Computational Examples
Signatures for the L, M, and S segments of RVFV were designed from all available complete segment sequences using run_PriMux_triplet. The sequence identifiers and parameter options used as input to PriMux are available upon request. We required primers to be 18–22 nt long, Tm = 60–65°C, up to 3 degenerate bases no closer than 3 nt from the 3′ end, no more than 4 bases in a homopolymer repeat, GC% of 20–80%, and produce amplicons 80–250 bp. PriMux probes could have up to 3 degenerate bases that could be anywhere on the probe, length 18–30 nt long, Tm = 68–73°C, no more than 4 bases in a homopolymer repeat, and GC% of 20–80%.Thus, we found conserved primer and probe combinations for each segment to detect all sequences of that segment. Sequences from one of the several possible solutions for each segment are listed in Table 2, and these were tested in the lab as described below, and compared with signatures that we had previously designed and tested using the standard approach of finding consensus regions from a multiple sequence alignment as described in [11]. Briefly, the standard (non-PriMux) signature design method entailed comparing all available complete genomes of different strains of RVFV using MSA. All available complete or partial RVFV genomes were computationally examined to identify sequence regions that were conserved among all sequenced isolates of RVFV but also able to uniquely identify RVFV when compared against all available genomic sequence data. A final in-silico screening was performed to verify that signatures were predicted to detect the RVFV strains and not to detect any non-pathogen targets. The conserved/unique sequence information was used to develop candidate signatures that met Real-Time RT-PCR assay chemistry requirements. No degenerate bases were used, since the sequence availability at the time those signatures were designed was not sufficiently diverse to require the use of degenerate bases in primers or probes.

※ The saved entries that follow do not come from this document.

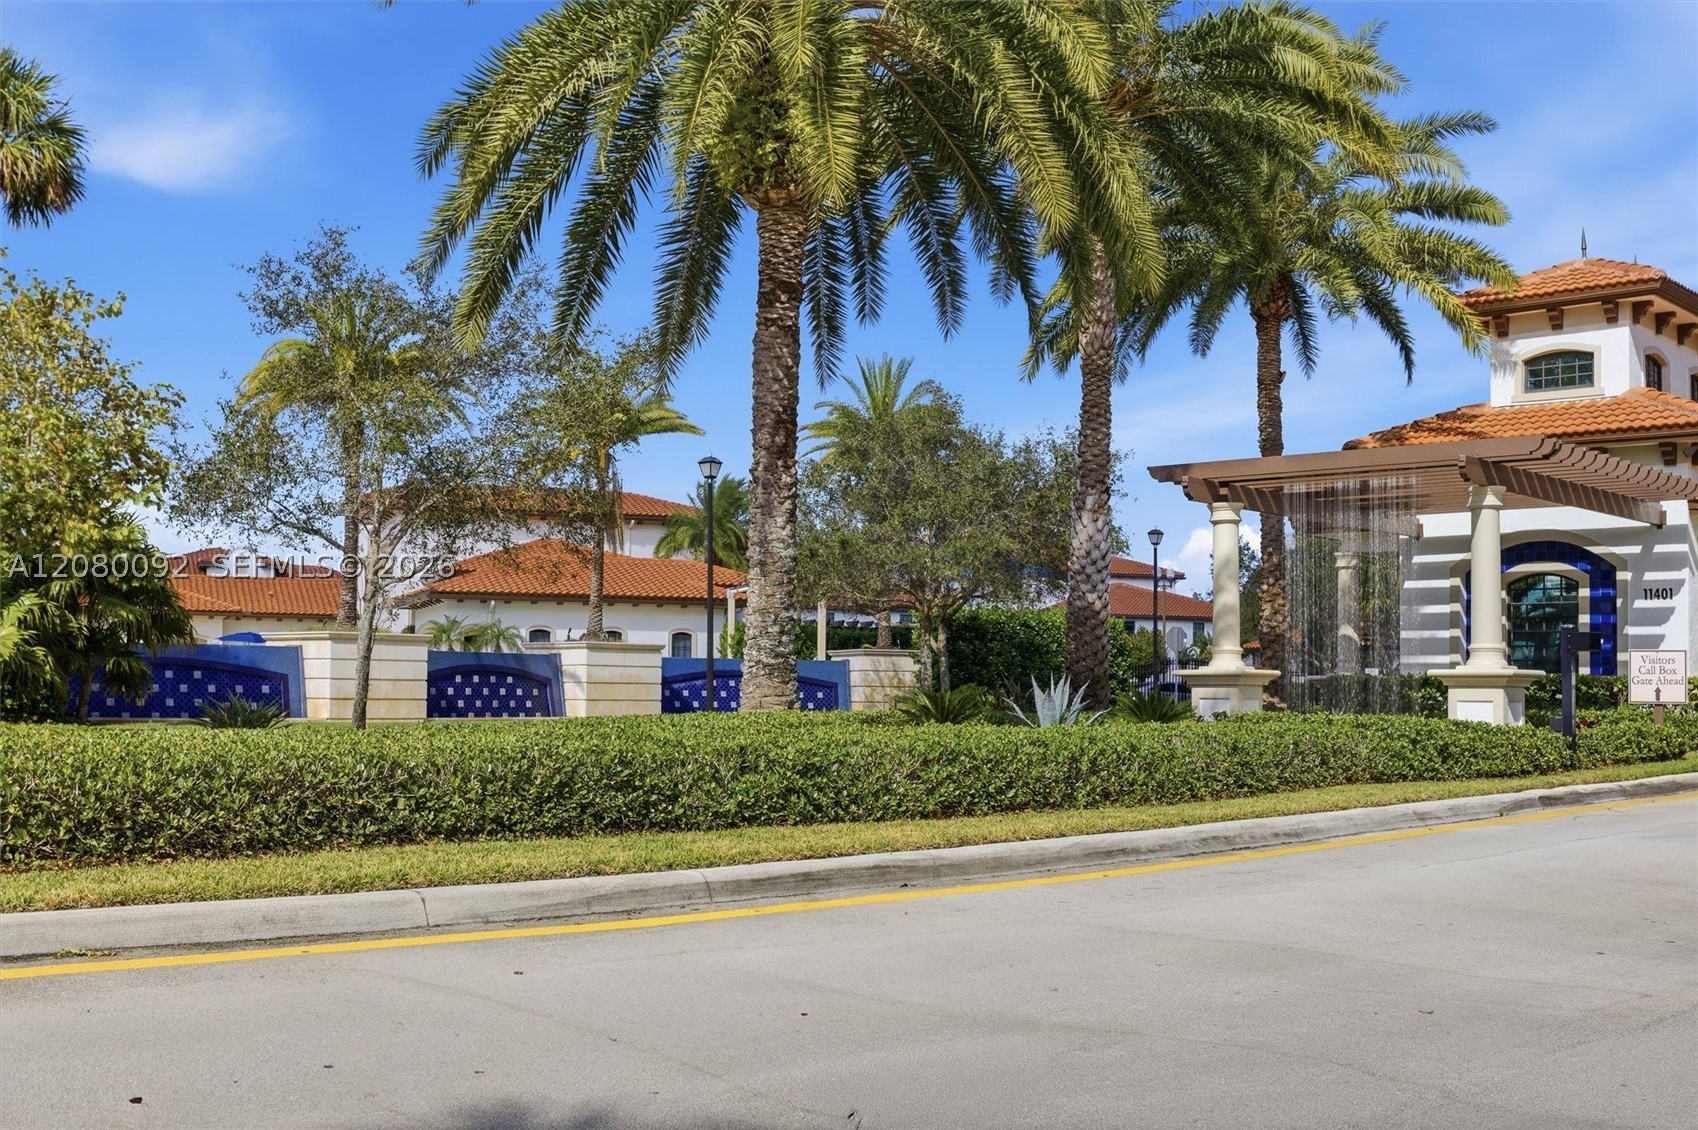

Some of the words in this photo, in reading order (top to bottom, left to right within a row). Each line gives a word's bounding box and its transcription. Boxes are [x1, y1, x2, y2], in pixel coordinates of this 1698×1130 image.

[1642, 587, 1674, 601] 11401
[1640, 655, 1676, 665] Visitors
[1638, 665, 1656, 675] Call
[1658, 665, 1677, 675] Box
[1631, 675, 1653, 686] Gate
[1655, 675, 1685, 686] Ahead
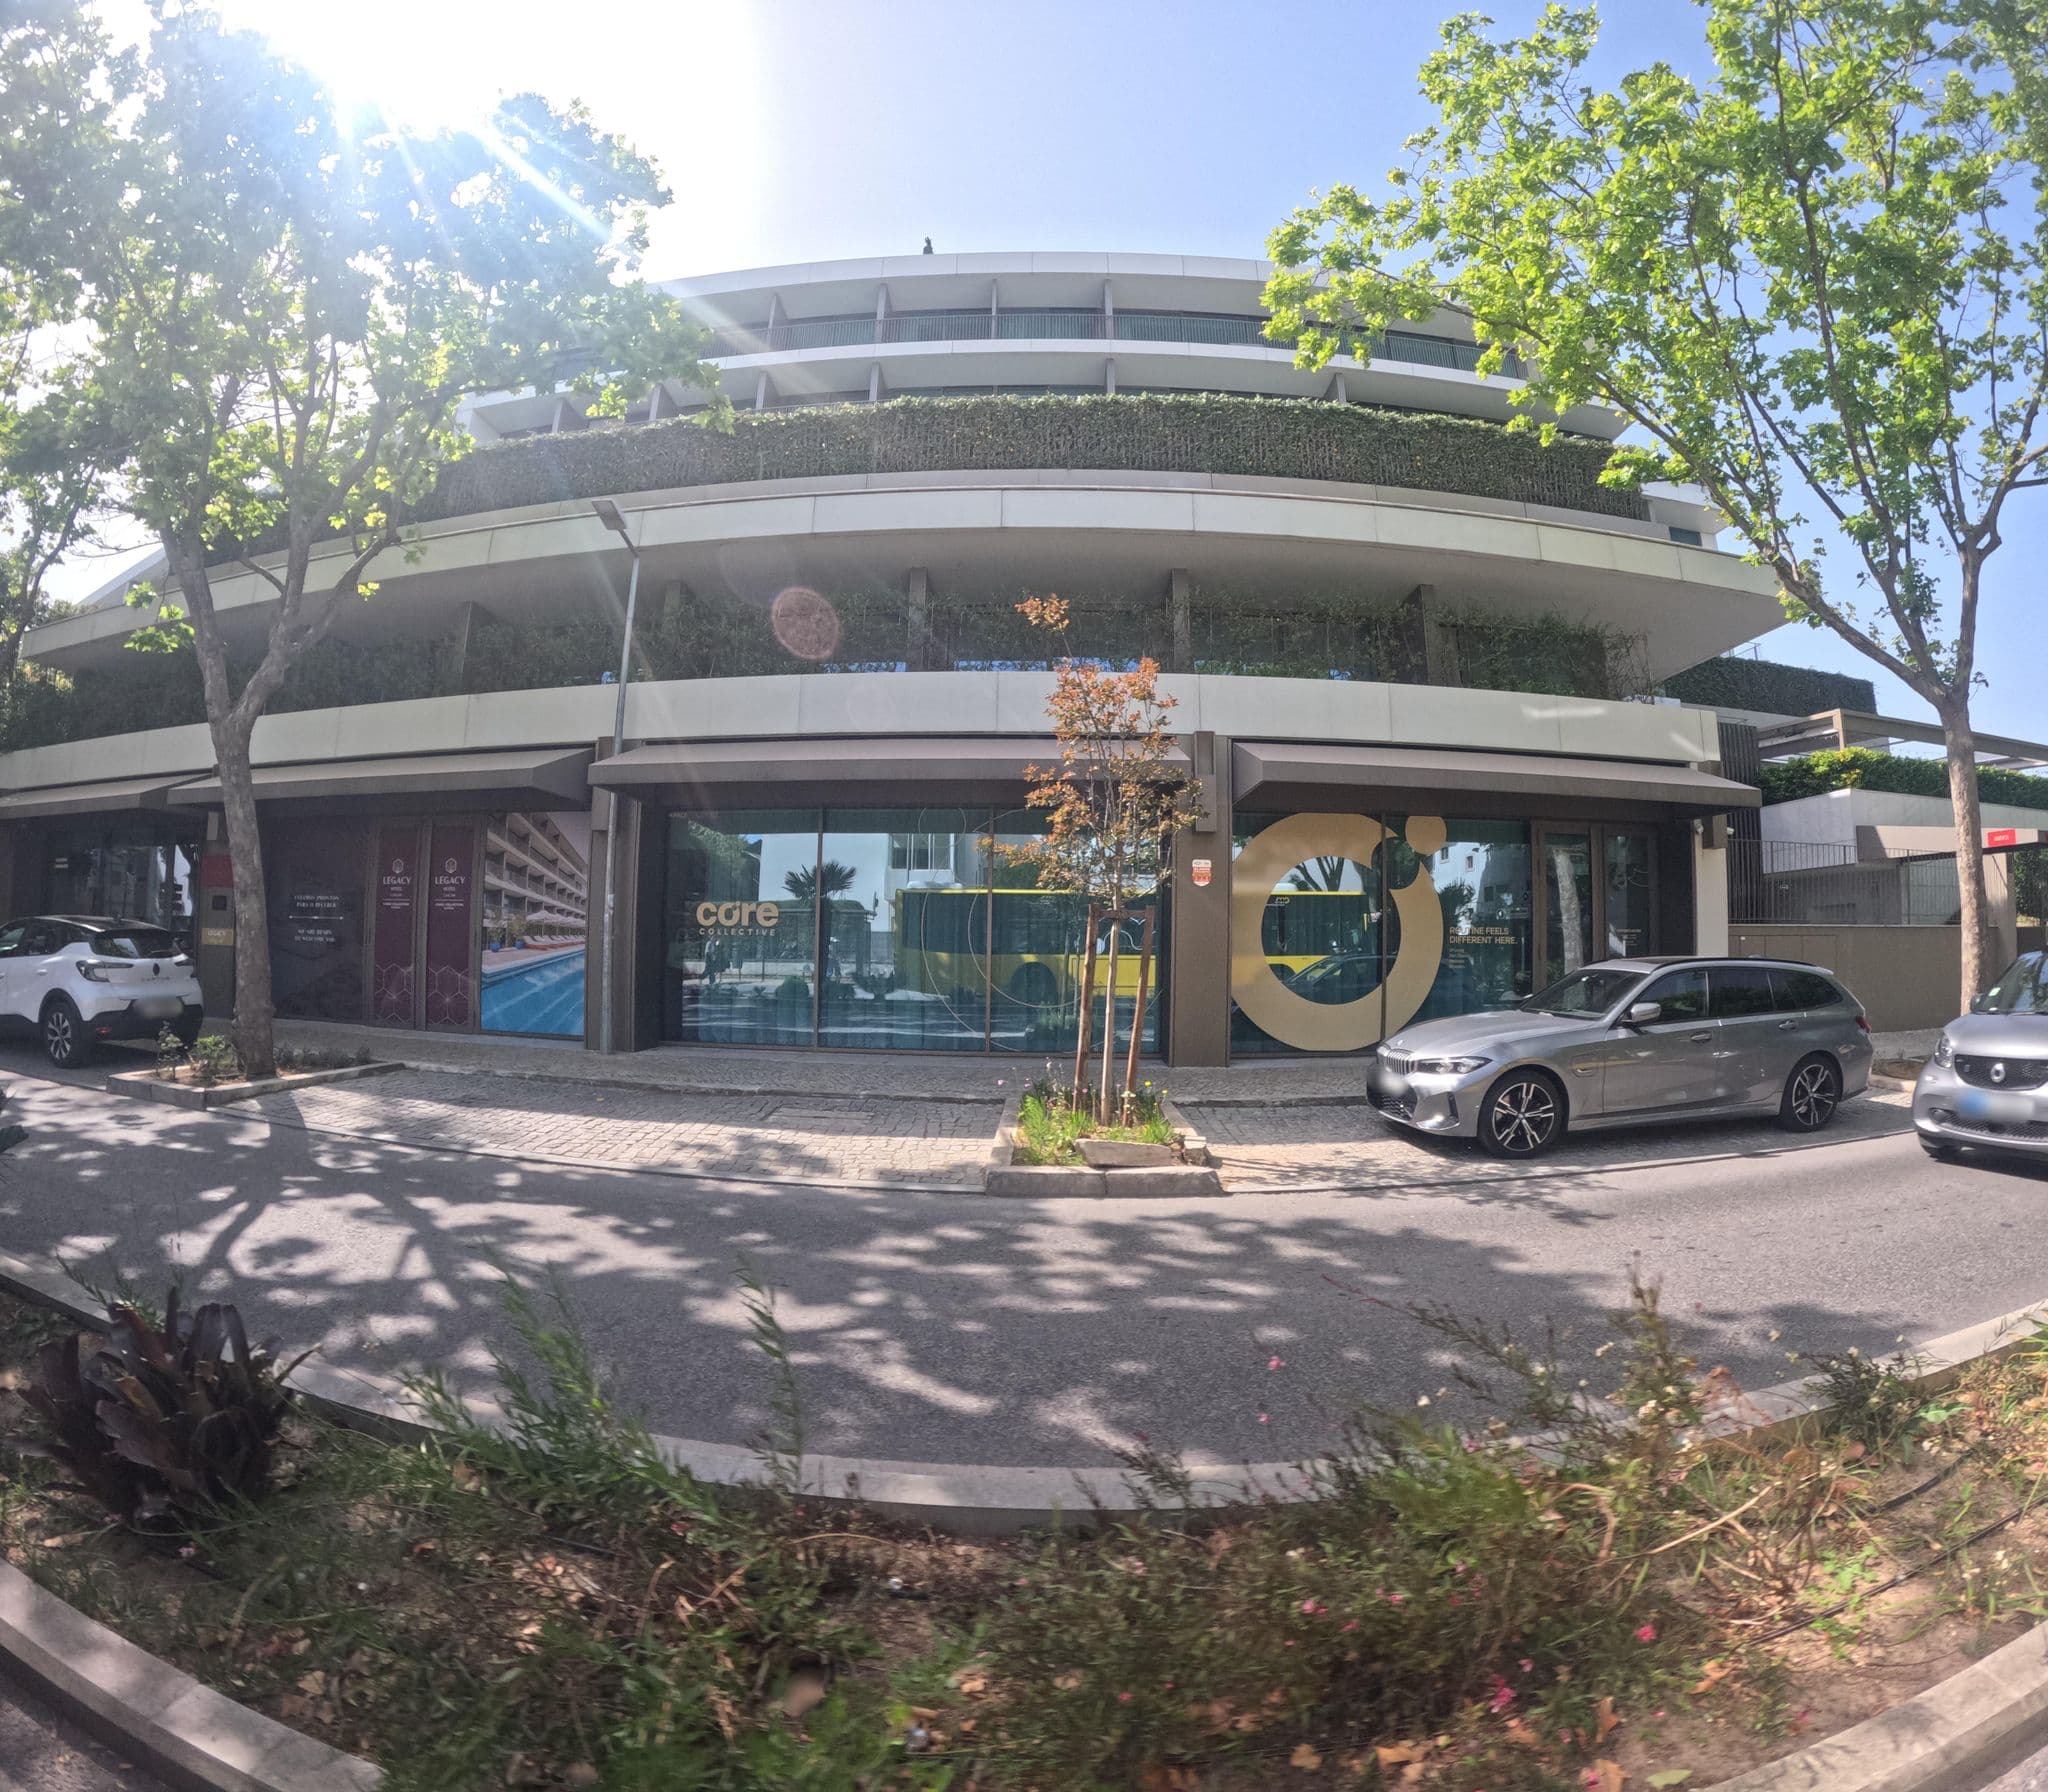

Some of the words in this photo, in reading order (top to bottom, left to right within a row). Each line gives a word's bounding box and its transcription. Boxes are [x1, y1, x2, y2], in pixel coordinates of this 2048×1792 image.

[383, 876, 411, 885] LEGACY
[435, 876, 465, 885] LEGACY
[696, 901, 779, 927] core
[699, 928, 776, 936] COLLECTIVE
[1485, 927, 1510, 935] FEELS
[1449, 935, 1493, 944] DIFFERENT

To demonstrate that it is not necessary to curate the sequences into separate target files for each segment, we also designed a multiplex set of primers and probes to detect all sequences from all segments of RVFV in a single reaction (Table 3). We used run_PriMux_triplet with the same primer parameter settings as above. L, M, and S segments were all input as a single target file with 198 sequences. These non-homologous sequences do not align, so a standard MSA approach to primer design with the full 198 sequences was not attempted. We predicted the targets detected by each primer/probe combination using TaqSim (http://staff.vbi.vt.edu/dyermd/publications/taqsim.html) and summarized the results in Table 4.

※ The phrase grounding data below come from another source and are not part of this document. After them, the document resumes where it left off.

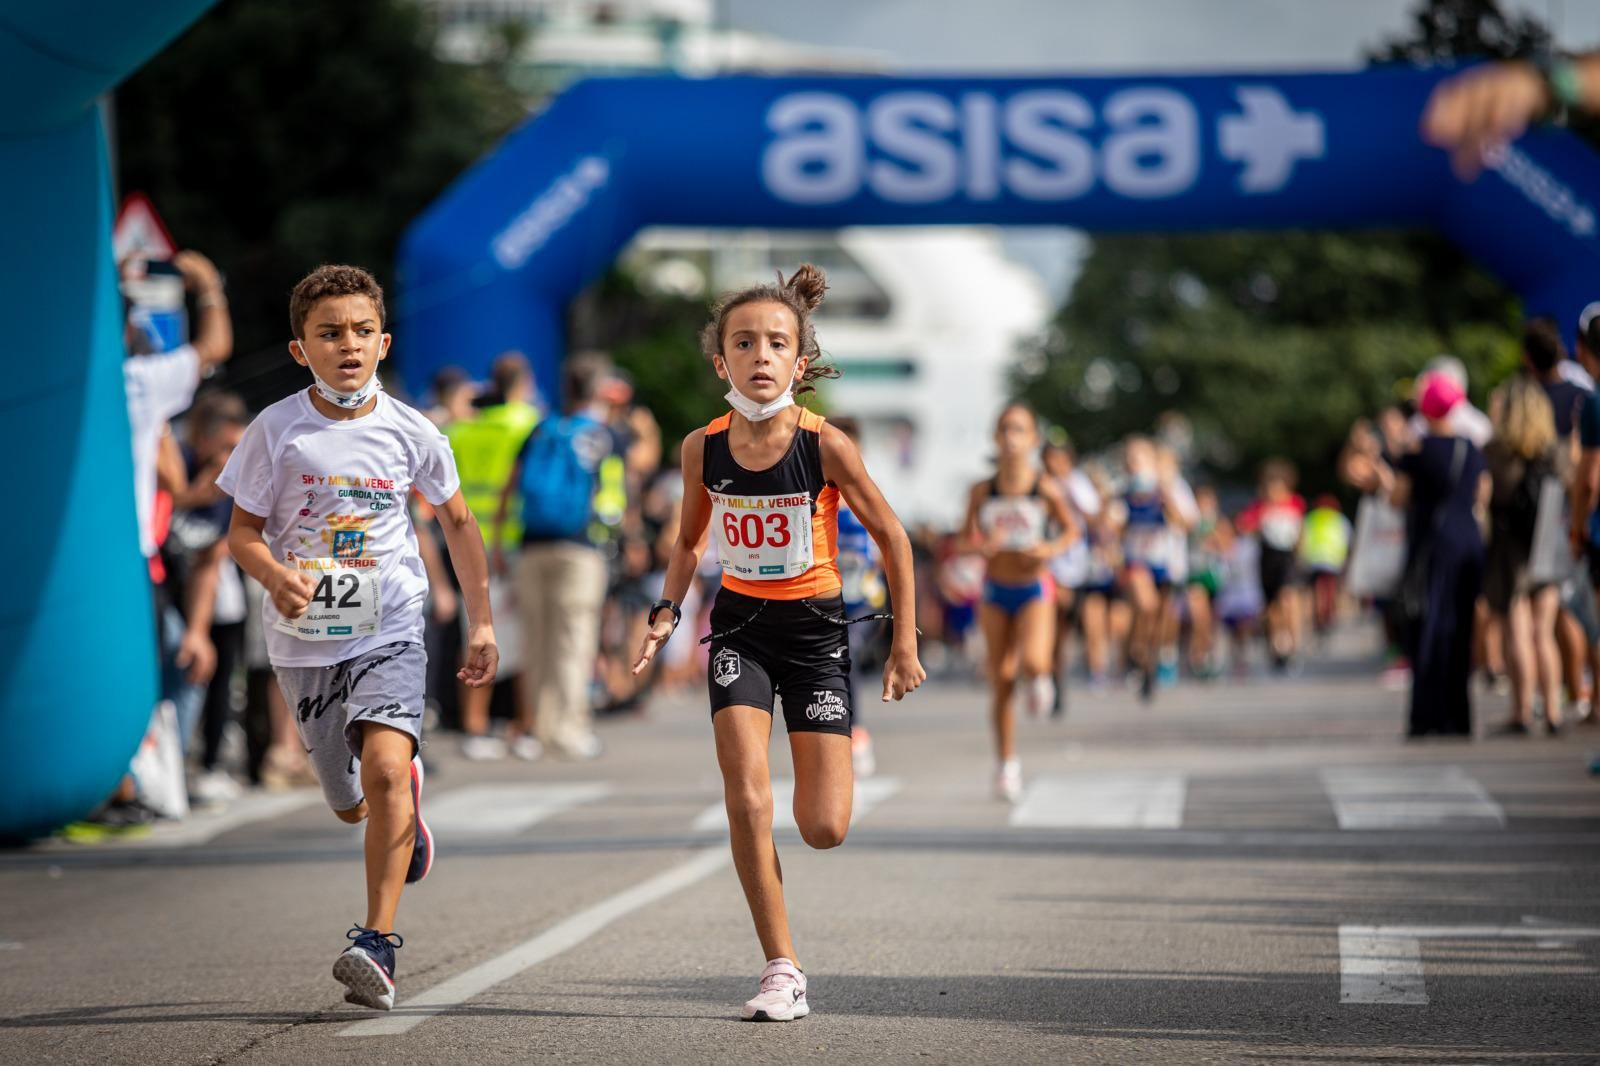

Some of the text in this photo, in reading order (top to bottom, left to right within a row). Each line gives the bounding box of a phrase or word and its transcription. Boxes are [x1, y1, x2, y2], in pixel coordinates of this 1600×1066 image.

[761, 88, 1200, 204] asisa
[319, 477, 325, 485] Y
[328, 476, 360, 487] MILLA
[365, 478, 394, 490] VERDE
[338, 490, 393, 500] GUARDIA CIVIL
[728, 498, 764, 509] MILLA
[768, 496, 806, 509] VERDE
[723, 512, 791, 549] 603
[300, 559, 377, 570] MILLA VERDE

Third, we designed signatures for Dengue virus detection from 2863 genomes, consisting of 1233, 885, 644, and 88 genomes of serotypes 1, 2, 3, and 4, respectively (Table 5). These sequences show very limited homology at the nucleotide sequence level (only 28% of bases show consensus in an alignment, with no conserved regions long enough for a primer). Attempts to design primers for this target set with other alignment-based software [6], [7] (and unpublished, in-house tools, C. Torres, personal communication) failed. The Dengue alignment using MUSCLE [12] was 11,853 bp, and other degenerate primer design programs typically can handle alignments only up to 1–2 kb. We predicted the targets detected by each primer/probe combination using TaqSim and summarized the results in Table 6. Parameter settings were the same as listed above for the RVFV calculations, except maximum amplicon length = 300 bp.
Rift Valley Fever virus signature testing
Virus Culture.
All culture was conducted at the Biosafety Level 4 (BSL-4) facilities at the University of Texas Medical Branch and titered viral RNA kindly provided by Dr. Alexander Freiberg's group. The RVFV signatures designed by PriMux as well as those designed using more traditional bioinformatics tools (see below) were tested on total nucleic acid extracts generated from RVFV grown on Vero C1008 [Vero 76, clone E6; Vero E6] cells (ATCC # CRL-1586) using standard viral culture methods [13] and virus generation determined by cytopathic effect (CPE). RVFV titers were determined by standard plaque assays on Vero E6 or Vero CCL-81 (ATCC # CCL-81) cells [13], [14], [15].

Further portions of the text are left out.